_EXTRACTED MATERIAL_:
###

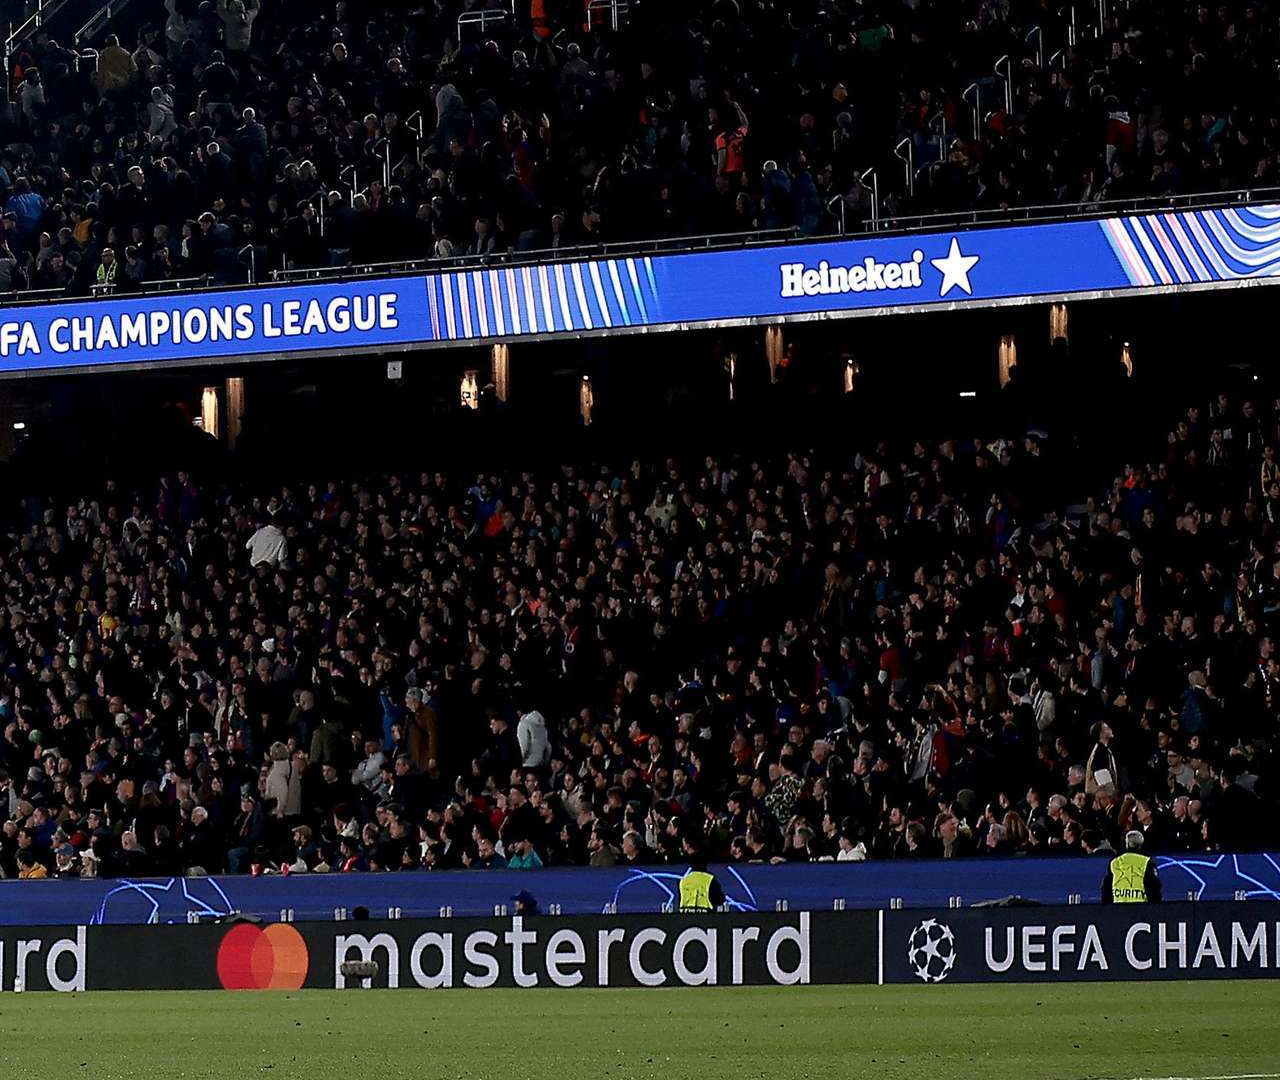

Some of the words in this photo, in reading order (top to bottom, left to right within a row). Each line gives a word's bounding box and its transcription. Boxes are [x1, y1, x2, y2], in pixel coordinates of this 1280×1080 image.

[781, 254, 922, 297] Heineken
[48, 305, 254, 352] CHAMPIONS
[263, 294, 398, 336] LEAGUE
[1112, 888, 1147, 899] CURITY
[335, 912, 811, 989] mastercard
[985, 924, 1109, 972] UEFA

###

_WHAT YOU WILL DO_: Pictures do not belong in the copy. Please reproduce the entries above exactly otherwise.

_ANSWER TO THIS PROBLEM_:
Some of the words in this photo, in reading order (top to bottom, left to right within a row). Each line gives a word's bounding box and its transcription. Boxes are [x1, y1, x2, y2], in pixel coordinates of this 1280×1080 image.

[781, 254, 922, 297] Heineken
[48, 305, 254, 352] CHAMPIONS
[263, 294, 398, 336] LEAGUE
[1112, 888, 1147, 899] CURITY
[335, 912, 811, 989] mastercard
[985, 924, 1109, 972] UEFA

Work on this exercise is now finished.